A tomografia computadorizada, sobretudo no plano coronal, é mais esclarecedora. Deve ser reservada para o estudo das complicações das sinusites, sinusites crónicas (Figura 2), tumores e para ajuda ao planeamento operatório. A ressonância magnética (RM) tem interesse no diagnóstico de certas sinusites fúngicas, nas complicações orbitárias e endocranianas, e na avaliação da extensão local dos tumores.
Tratamento
O tratamento médico tem por objectivo erradicar a infecção, restabelecer a permeabilidade ostial e o mecanismo de transporte mucociliar, por forma a promover boa ventilação e drenagem dos seios.
O tratamento com antibióticos é muitas vezes empírico. Deve ter em conta a prevalência bacteriana para a região e as resistências conhecidas. Devido ao uso e abuso da prescrição de antibióticos, quer a resistência do pneumococo à penicilina, quer a de Haemophilus (30%) e a de Moraxella (70%) aos beta-lactâmicos, têm vindo a aumentar de forma continuada.

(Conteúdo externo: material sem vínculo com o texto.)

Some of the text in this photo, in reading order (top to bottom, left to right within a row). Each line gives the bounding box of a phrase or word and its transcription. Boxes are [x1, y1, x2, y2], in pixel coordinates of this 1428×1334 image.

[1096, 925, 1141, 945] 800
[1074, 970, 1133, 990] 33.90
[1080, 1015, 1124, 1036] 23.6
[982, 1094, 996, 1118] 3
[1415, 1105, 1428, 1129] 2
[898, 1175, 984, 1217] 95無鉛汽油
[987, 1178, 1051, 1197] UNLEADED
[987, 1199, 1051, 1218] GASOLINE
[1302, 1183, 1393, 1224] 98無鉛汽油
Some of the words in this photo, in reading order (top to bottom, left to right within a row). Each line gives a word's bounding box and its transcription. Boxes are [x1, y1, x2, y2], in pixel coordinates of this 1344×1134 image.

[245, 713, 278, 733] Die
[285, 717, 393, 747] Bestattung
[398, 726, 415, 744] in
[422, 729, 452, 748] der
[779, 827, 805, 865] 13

Na sinusite aguda os antibióticos de eleição são: a amoxicilina/clavulanato utilizando a dose máxima de amoxicilina e a formulação de 7: 1; ou a cefuroxima. Como alternativas: azitromicina ou claritromicina.

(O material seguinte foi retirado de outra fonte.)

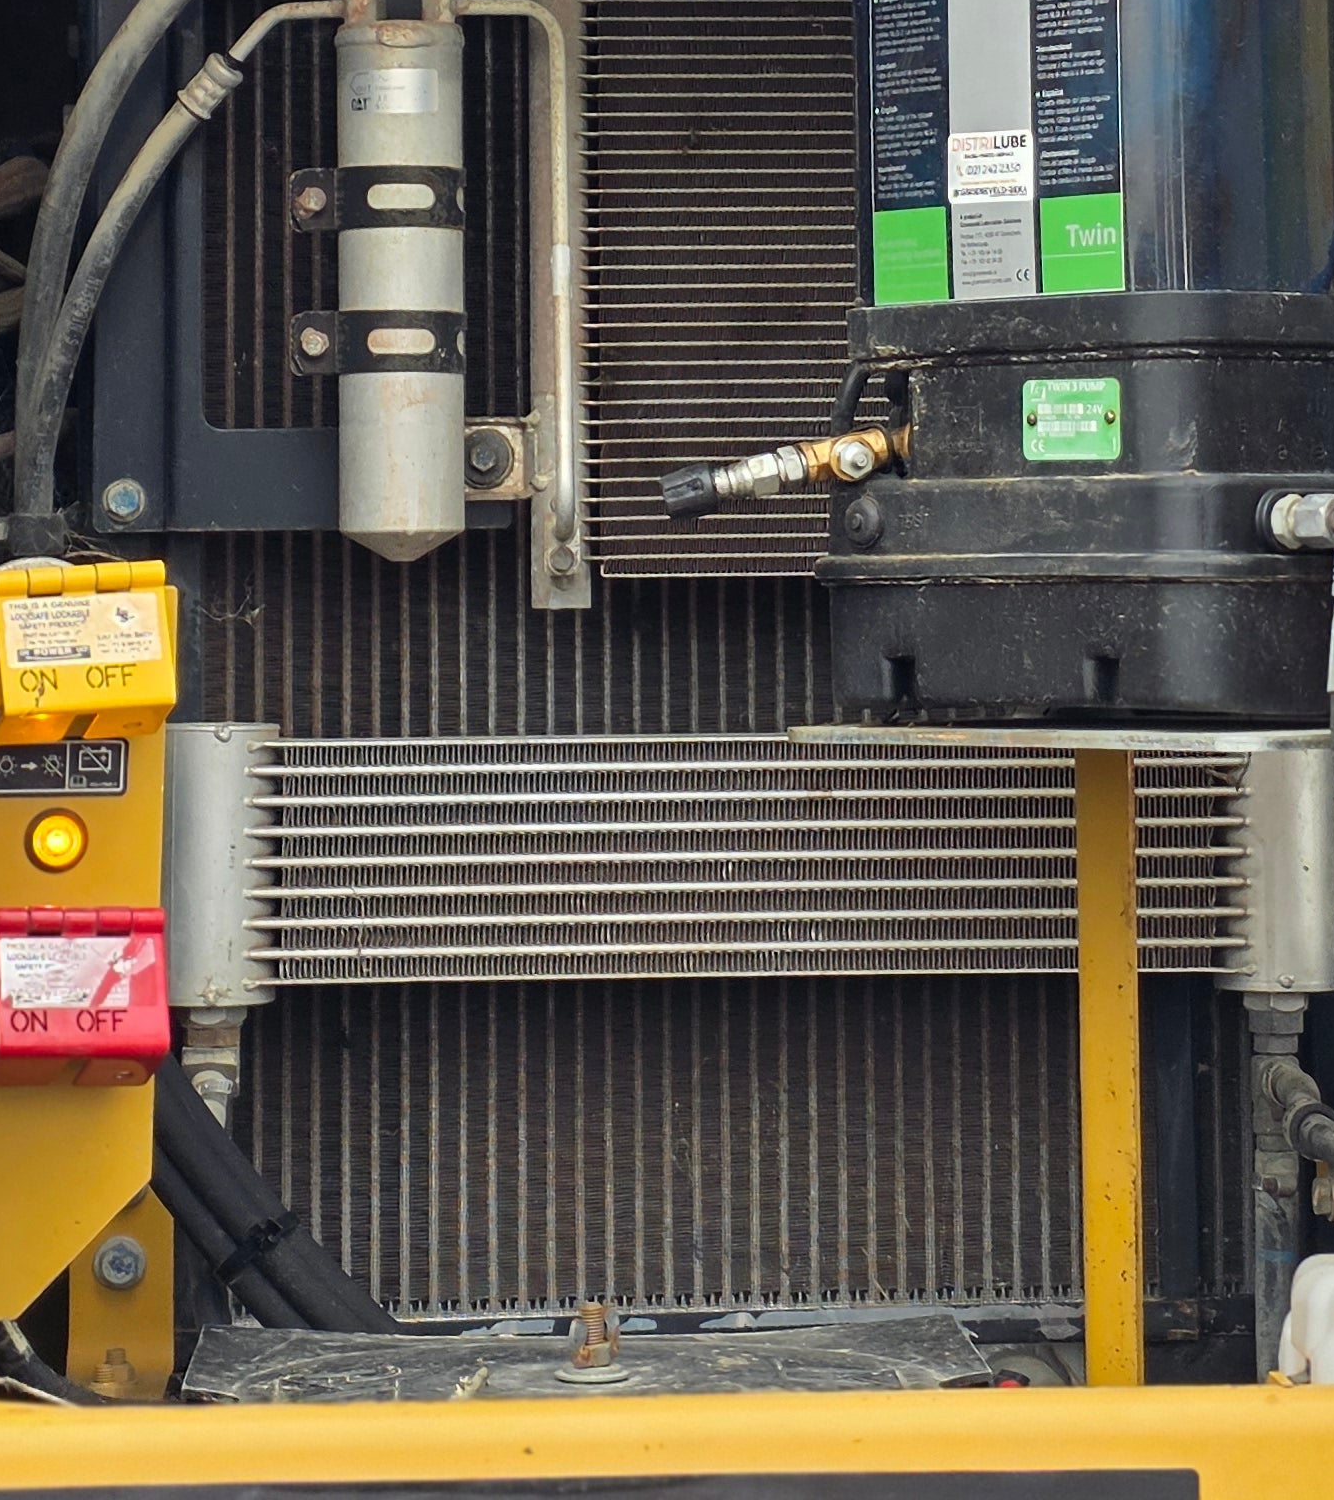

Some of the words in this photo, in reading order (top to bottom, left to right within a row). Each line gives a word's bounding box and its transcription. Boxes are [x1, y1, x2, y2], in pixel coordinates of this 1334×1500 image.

O tratamento deve ter a duração de cerca de duas semanas; a azitromicina utiliza-se durante 5 dias. Não havendo melhoria clínica procede-se a colheita de pus para exame bacteriológico com TSA (teste de sensibilidade aos antibióticos), e a eventual mudança de antibiótico até conhecimento do resultado daquele.

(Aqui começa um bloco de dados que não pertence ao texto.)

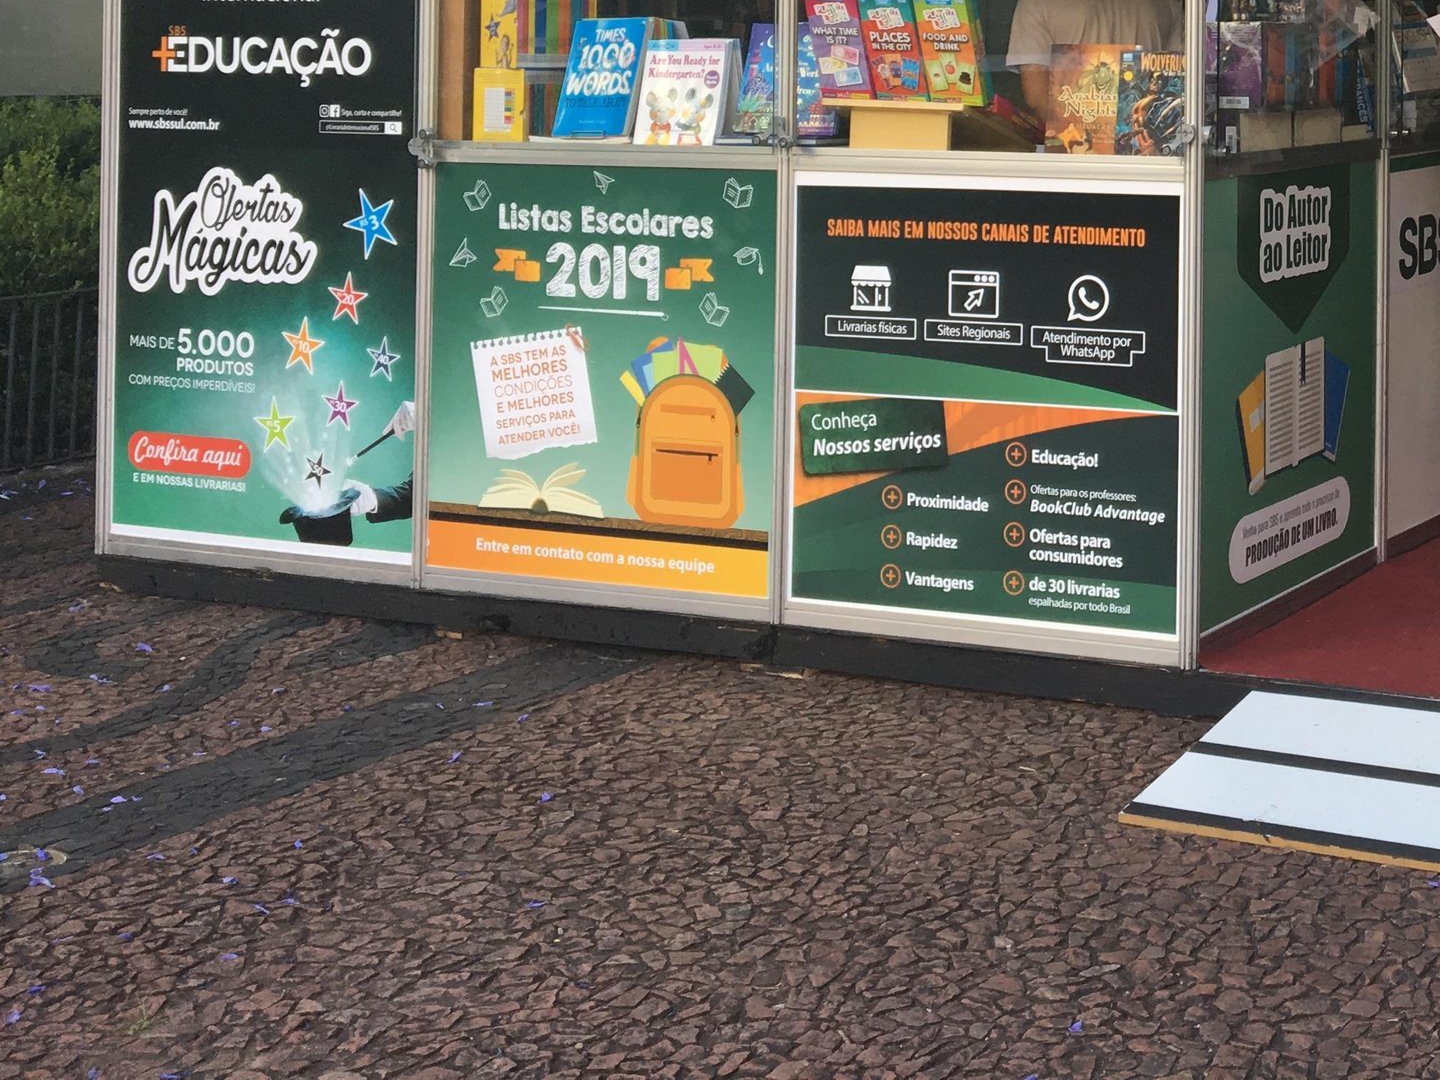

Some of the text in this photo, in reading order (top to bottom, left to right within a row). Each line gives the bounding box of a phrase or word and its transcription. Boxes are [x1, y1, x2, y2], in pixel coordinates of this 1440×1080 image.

[812, 26, 859, 36] WHAT TIME
[825, 35, 848, 45] IS IT?
[869, 31, 911, 43] PLACES
[923, 32, 969, 42] FOOD AND
[872, 42, 912, 52] IN THE CITY
[934, 42, 961, 52] DRINK
[650, 54, 721, 67] Are You Ready for
[566, 71, 632, 97] WORDS
[648, 67, 706, 80] Kindergarten?
[128, 117, 220, 130] www.sbssul.com.br
[200, 175, 296, 231] Ofertas
[1263, 189, 1329, 233] Do Autor
[368, 214, 380, 231] 3
[498, 203, 715, 240] Listas Escolares
[133, 198, 313, 288] Mágicas
[827, 218, 1146, 248] SAIBA MAIS EM NOSSOS CANAIS DE ATENDIMENTO
[1263, 232, 1329, 274] ao Leitor
[545, 241, 661, 302] 2019
[340, 293, 354, 306] 20
[837, 319, 908, 336] Livrarias físicas
[937, 323, 1011, 343] Sites Regionais
[129, 328, 255, 358] MAIS DE 5.000
[297, 340, 310, 353] 10
[1042, 330, 1132, 350] Atendimento por
[489, 344, 568, 367] A SBS TEM AS
[1059, 343, 1116, 362] WhatsApp
[176, 357, 255, 377] PRODUTOS
[491, 358, 569, 383] MELHORES
[128, 373, 256, 394] COM PREÇOS IMPERDÍVEIS!
[494, 375, 574, 398] CONDIÇÕES
[333, 402, 347, 413] 30
[496, 391, 575, 414] E MELHORES
[496, 408, 577, 431] SERVIÇOS PARA
[811, 411, 878, 433] Conheça
[498, 422, 581, 446] ATENDER VOCÊ!
[813, 432, 942, 457] Nossos serviços
[133, 437, 243, 469] Confira aqui
[1031, 449, 1099, 470] Educação!
[132, 472, 246, 493] E EM NOSSAS LIVRARIAS!
[906, 491, 990, 514] Proximidade
[1030, 483, 1137, 504] Ofertas para os professores:
[1030, 498, 1166, 526] BookClub Advantage
[905, 531, 958, 551] Rapidez
[1029, 528, 1112, 552] Ofertas para
[1245, 527, 1290, 567] PRODUÇÃO
[1291, 523, 1302, 547] DE
[1302, 518, 1315, 541] UM
[1315, 507, 1339, 536] LIVRO.
[475, 536, 715, 575] Entre em contato com a nossa equipe
[1029, 548, 1123, 569] consumidores
[905, 571, 975, 592] Vantagens
[1028, 576, 1121, 599] de 30 livrarias
[1028, 596, 1132, 615] espalhadas por todo Brasil

Nas complicações das sinusites, quer orbitárias, quer intracranianas, devem usar-se antibióticos de largo espectro, em doses elevadas e por via endovenosa. A colheita do pus (no meato médio ou por punção sinusal) é fundamental na tentativa de isolamento da bactéria responsável e determinação da sua sensibilidade aos antibióticos.
Na sinusite crónica o tratamento é idêntico, mas deve ser prescrito para um período mínimo de 4 semanas. Os antibióticos de eleição são a amoxicilina/clavulanato ou a clindamicina; como alternativa, a penicilina (para a posologia consultar os capítulos anteriores).
Haverá igualmente que tratar eventuais alergias, deficiências imunológicas, mucoviscidose e o refluxo gastresofágico.
As lavagens nasais com soro e os corticosteróides tópicos têm um papel importante no tratamento da sinusite. Os antialérgicos só devem ser usados se se demonstrar alergia.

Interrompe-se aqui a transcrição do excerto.